- Origin: Birmingham, England
- Genres: Powerpop indie rock pop rock
- Years active: 2004–2015
- Labels: Unsigned
- Members: Adam Vygus Adam Stanford Zach Phelps Jay Brown
- Past members: Paul Bugden Elliot Vaughan Laurent Gillgrass Samuel Wilson Mark Rabone
- Website: Page 44 On Myspace Page 44 on Facebook

= Page 44 =

English indie rock band

Page 44 were an English indie rock band formed in Birmingham, England, in 2004.

They have opened for bands such as Boy Kill Boy, Captain Phoenix, The Standards, & The Red Jumpsuit Apparatus. BBC said the band might become "tomorrow's superstars".

==Early years==
The band has appeared on national TV, namely Channel 4's Popworld in 2006, where they were interviewed by Alex Zane as well as performed live to over half a million viewers. They made their appearance on the show because the show's viewers voted their song "The Grey Room" as their favorite at the time.

In 2006, they came in 2nd out of 1,000 bands in the national Emergenza live band competition. In 2007, the band was crowned the best unsigned band in the Midlands. The band won the title of Carling Supports Champions for Birmingham again in October 2007. In 2006, they were crowned Champions of the Midlands Emergenza Live Band competition and went on to finish second in the Emergenza UK National Final. The competition, which was judged by Sony, Universal, Interscope, and NME, took place in London.

Many fans discovered Page 44 after downloading the song "We Know The Way", (improperly credited to +44 on P2P networks such as Kazaa and Limewire.)

When asked about what genre Page 44 falls into, Adam Stanford has said the band's music spans over many genres, from alternative rock to indie, and has described their overall sound as "energetic rock". Page 44 falls into many other subgenres, such as power pop.

The latest lineup included Adam Stanford on Guitar and Vocals, Adam "Viggy" Vygus on lead Vocals and Guitar, Zach Phelps on Bass and backup vocals, & Jay Brown on drums.
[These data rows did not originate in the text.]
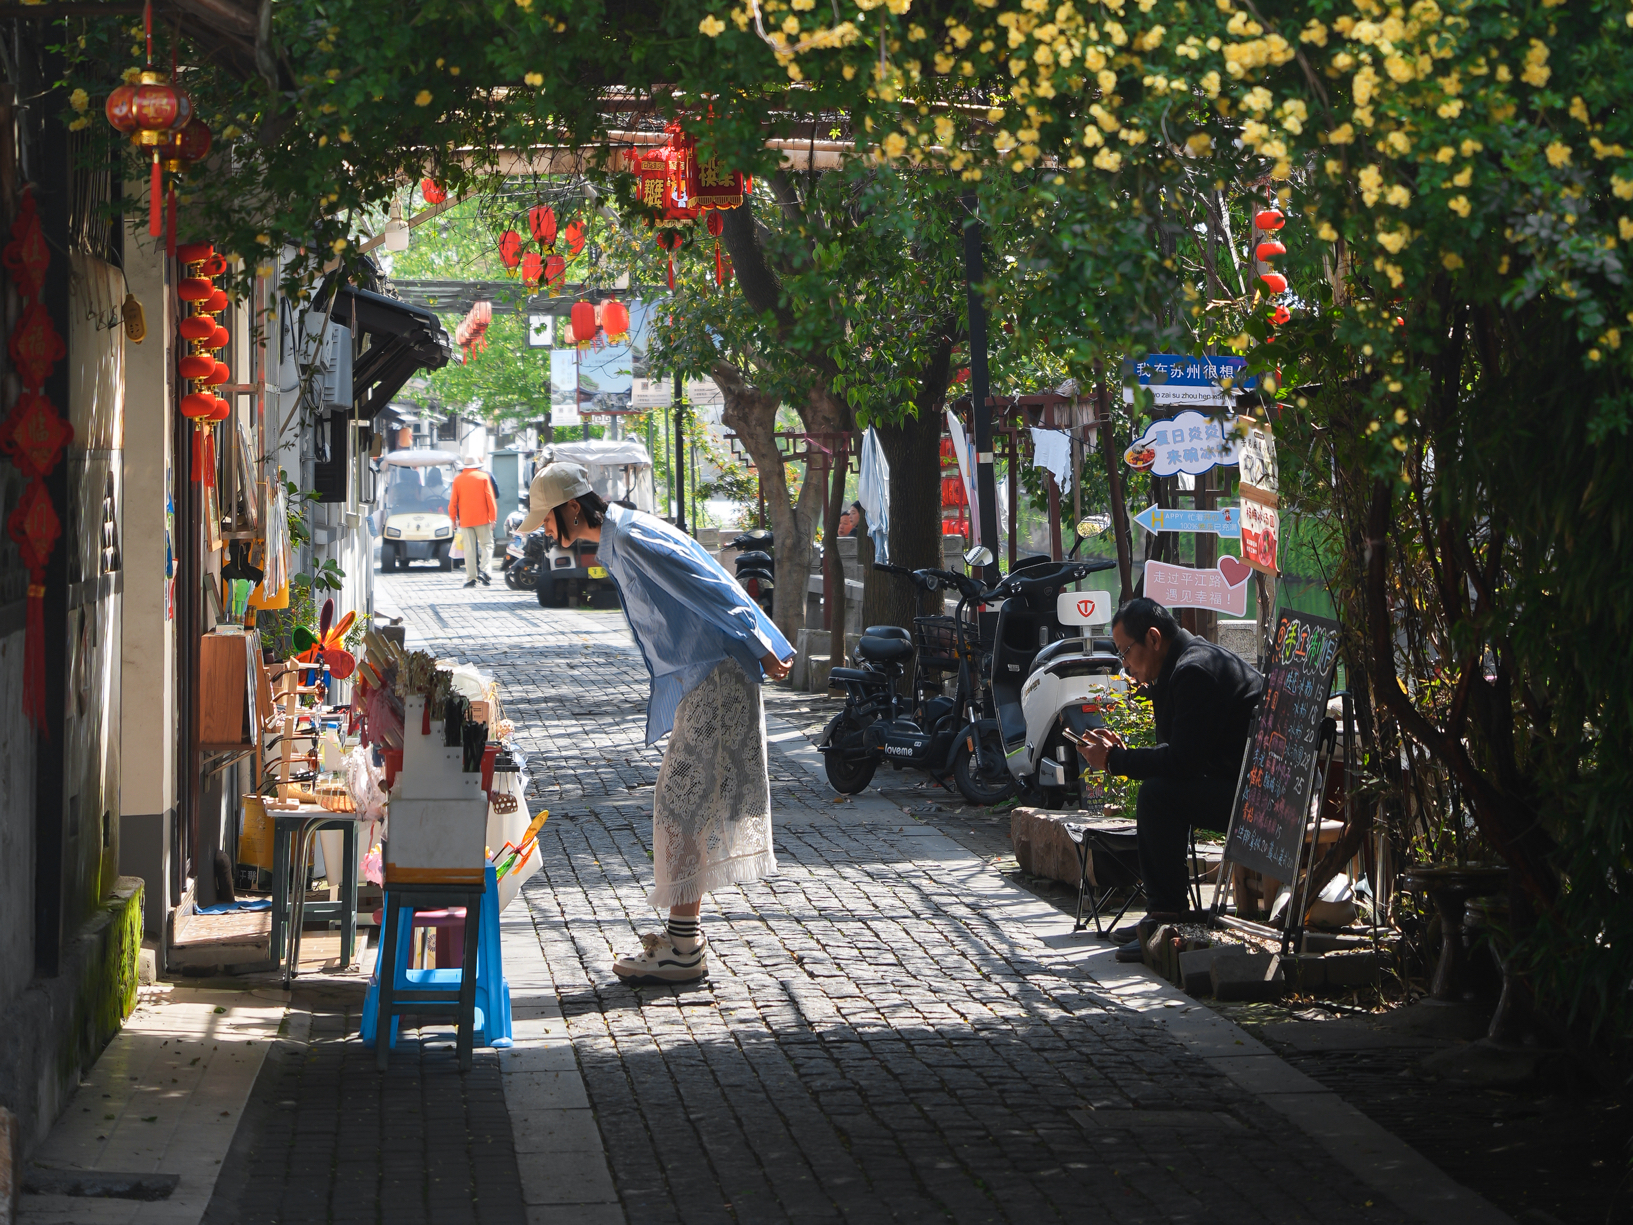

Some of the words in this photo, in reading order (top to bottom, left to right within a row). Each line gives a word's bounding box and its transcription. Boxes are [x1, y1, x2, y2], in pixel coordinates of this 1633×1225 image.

[1136, 362, 1244, 379] 我在苏州很想
[1155, 424, 1219, 446] 夏日炎炎
[1153, 571, 1221, 588] 走过平江路
[1285, 623, 1336, 670] 手工制作
[884, 743, 913, 756] loveme
The original bassist Paul Bugden left in early 2007, and was replaced by Samuel Wilson. The original drummer, Elliot Vaughan had a falling out with the band and left in 2007. Shortly after, he was replaced by Laurent "Lozz" Gillgrass, who left the band in early 2008, and was replaced by Mark Rabone. In 2009, bassist and backing vocalist Samuel Wilson left the band to attend college, and was replaced by Zach Phelps. Drummer Mark Robone left in 2010 and was replaced by Jay Brown.

==Later years==
Their single, "With or Without Your Help", was produced by Joe Gibb (who has produced albums for Funeral for a Friend, Million Dead & Brigade), is available for download on iTunes. Three new songs, from the Mini-EP Crash Factory Sessions, were put up on the band's Myspace in late April 2008. The songs include "No Truth at All", "To Make You Proud", and a re-recording of "Watch Me Fade". On 13 June 2008 they headlined at the Carling Academy in Burmingham. The band's newest single "Answers" came out on 27 July 2009, released digitally on iTunes and other online mediums.

In 2011, Page 44 won the Red Bull Band Jam, winning a chance to tour with The Blackout and We Are The Ocean, as well as earning time in the Red Bull recording studio.
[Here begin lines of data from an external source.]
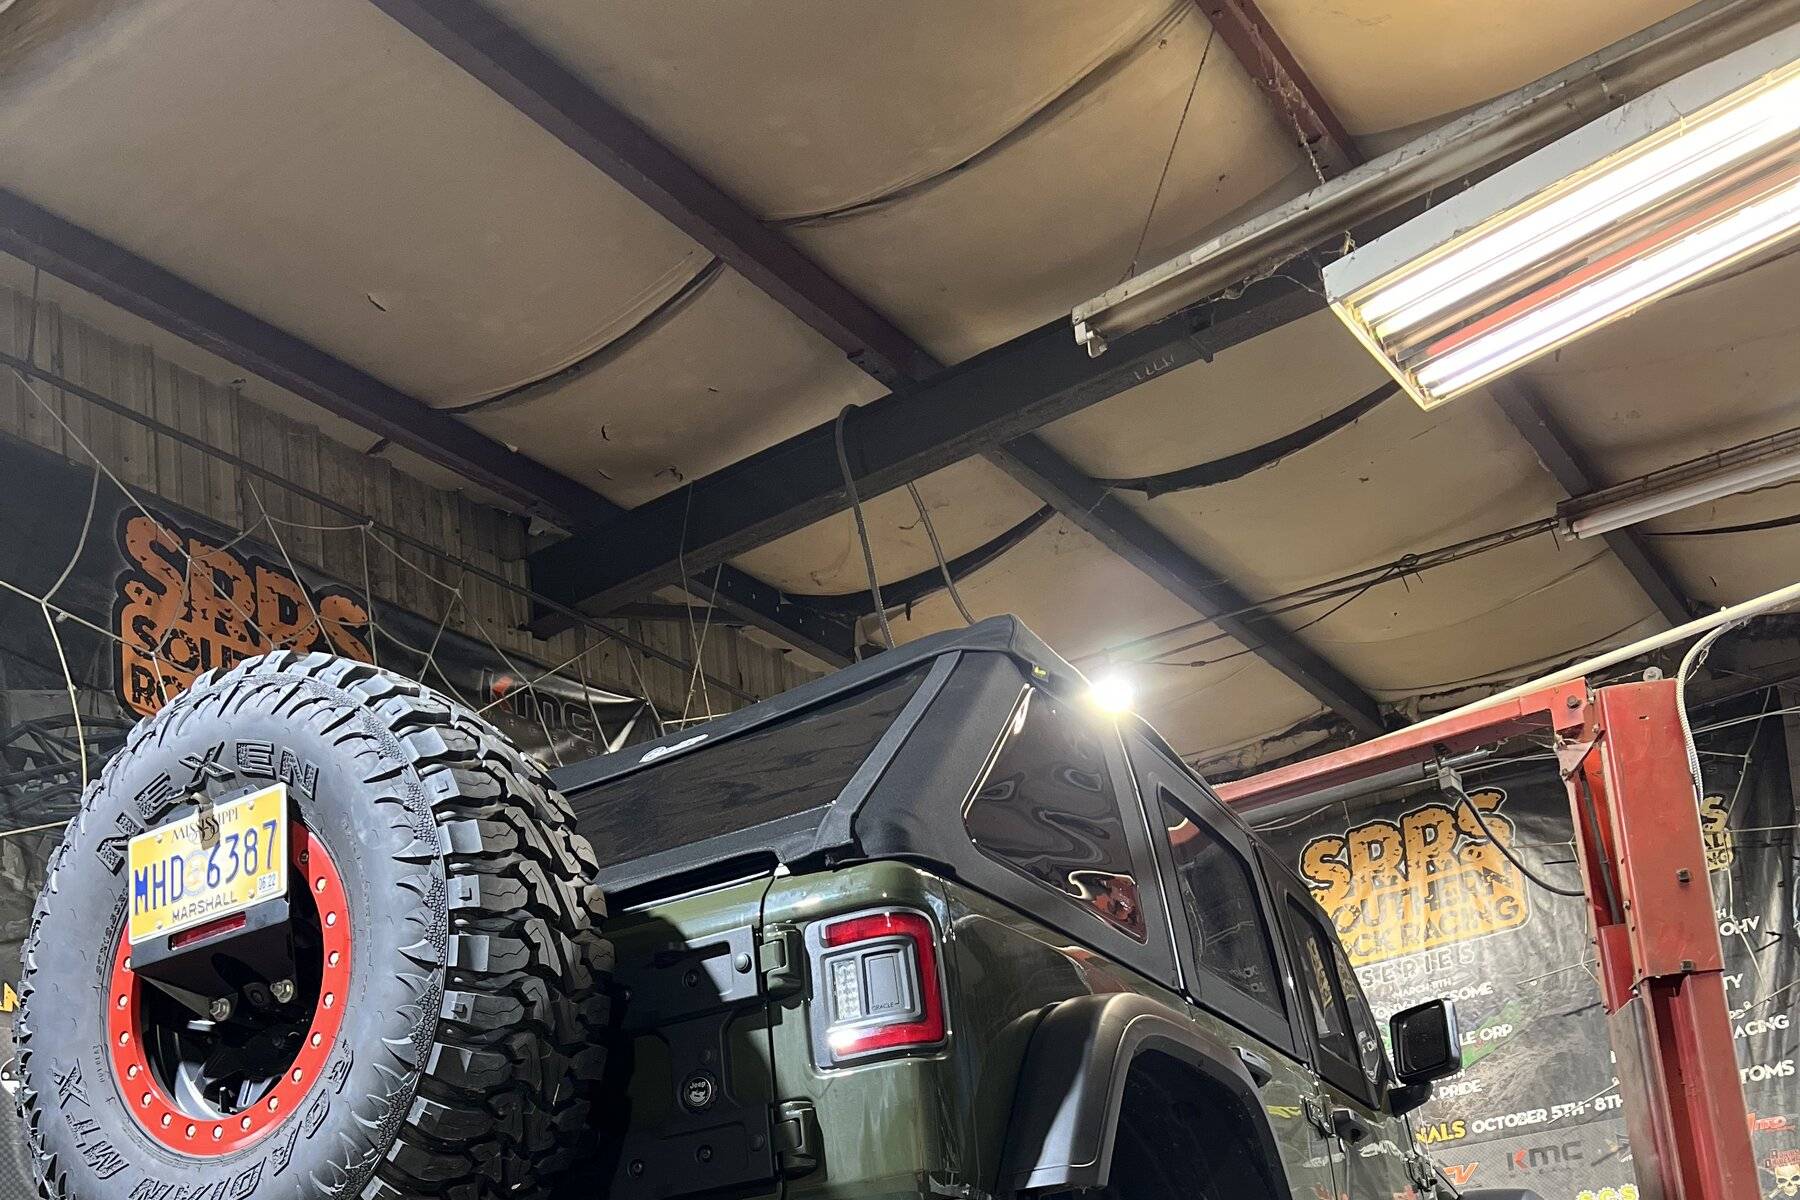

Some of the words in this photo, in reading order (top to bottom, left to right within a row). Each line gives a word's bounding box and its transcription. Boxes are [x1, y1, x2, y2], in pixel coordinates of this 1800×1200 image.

[96, 739, 319, 877] NEXEN
[134, 854, 184, 916] MHD
[206, 818, 278, 890] 6387
[1302, 789, 1513, 902] SRRS
[172, 893, 238, 923] MARSHALL
[1331, 860, 1514, 934] OUTHERN
[1359, 943, 1477, 988] SERIES
[1733, 1014, 1790, 1040] ACING
[1439, 1079, 1483, 1100] PRIDE
[1471, 1108, 1548, 1134] OCTOBER
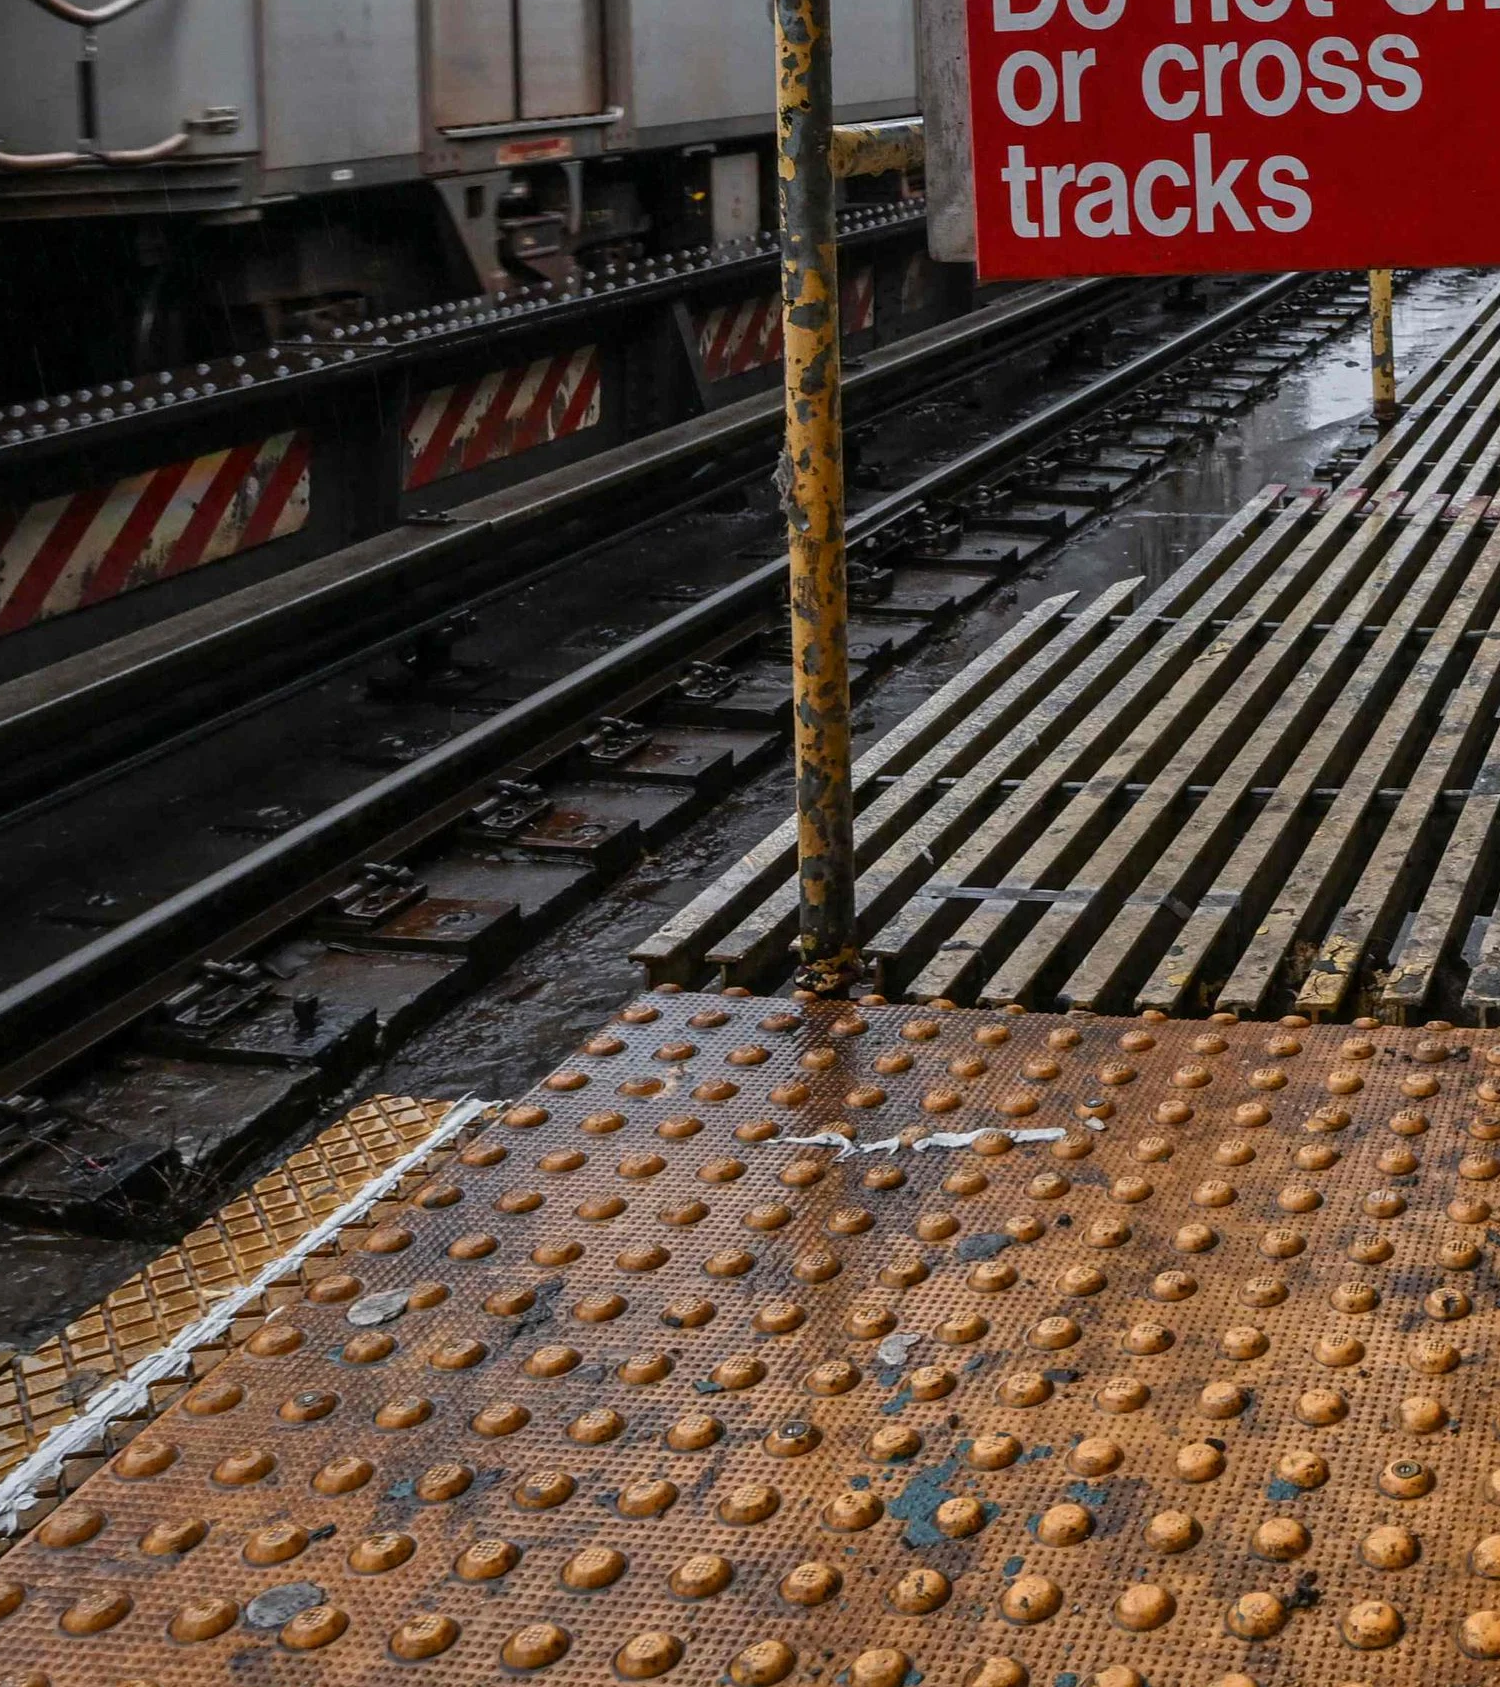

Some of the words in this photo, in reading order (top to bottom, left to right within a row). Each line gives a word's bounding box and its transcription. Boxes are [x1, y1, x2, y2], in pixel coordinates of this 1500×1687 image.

[996, 47, 1097, 127] or
[1141, 33, 1424, 122] cross
[1000, 131, 1313, 240] tracks
As a result of this, Page 44 also had their EP Leave The Last Man Behind, produced by Red Bull Studios in London, released for free courtesy of Rock Sound Magazine in December 2011.
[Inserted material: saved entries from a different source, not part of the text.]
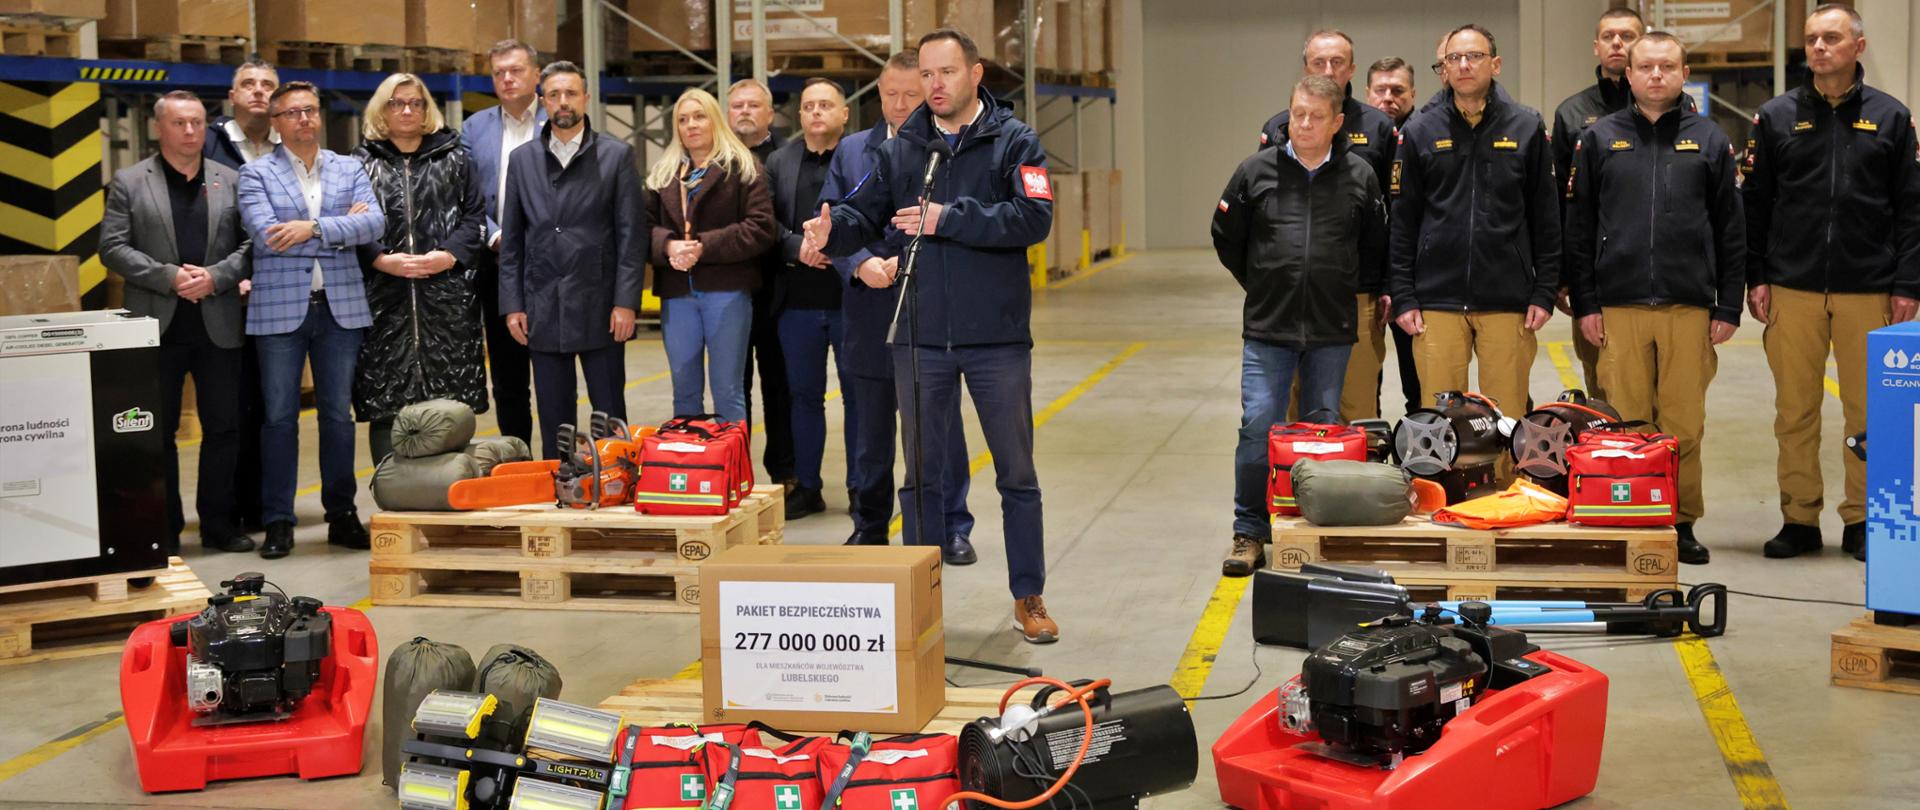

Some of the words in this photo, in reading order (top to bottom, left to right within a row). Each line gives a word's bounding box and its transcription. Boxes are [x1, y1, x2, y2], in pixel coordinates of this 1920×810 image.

[0, 424, 24, 433] rona
[27, 418, 70, 431] ludności
[25, 430, 65, 442] cywilna
[684, 545, 706, 557] EPAL
[1281, 552, 1304, 564] EPAL
[1639, 558, 1664, 571] EPAL
[736, 605, 776, 617] PAKIET
[779, 604, 882, 619] BEZPIECZEŃSTWA
[735, 632, 773, 651] 277
[779, 633, 817, 652] 000
[823, 634, 861, 652] 000
[867, 634, 886, 652] zł
[769, 662, 815, 671] MIESZKAŃCÓW
[816, 662, 865, 672] WOJEWÓDZTWA
[781, 673, 840, 684] LUBELSKIEGO
Page 44 began recording their debut album, All That Changes, Stays the Same in January 2013. The album was crowdfunded through PledgeMusic and is released on 25 March 2013. The band toured areas of England in support of the album in early 2013. They also played on the UK leg of Vans Warped Tour in November 2013.

==Discography==
- Studio albums

- All That Changes, Stays the Same (2013)

- Extended Plays

- With or Without Your Help (2007)

- Crash Factory Sessions (2008)
- Answers (2009)

- Demo releases

- A Slice of Fried Gold (2004)

- The Grey Room (2005)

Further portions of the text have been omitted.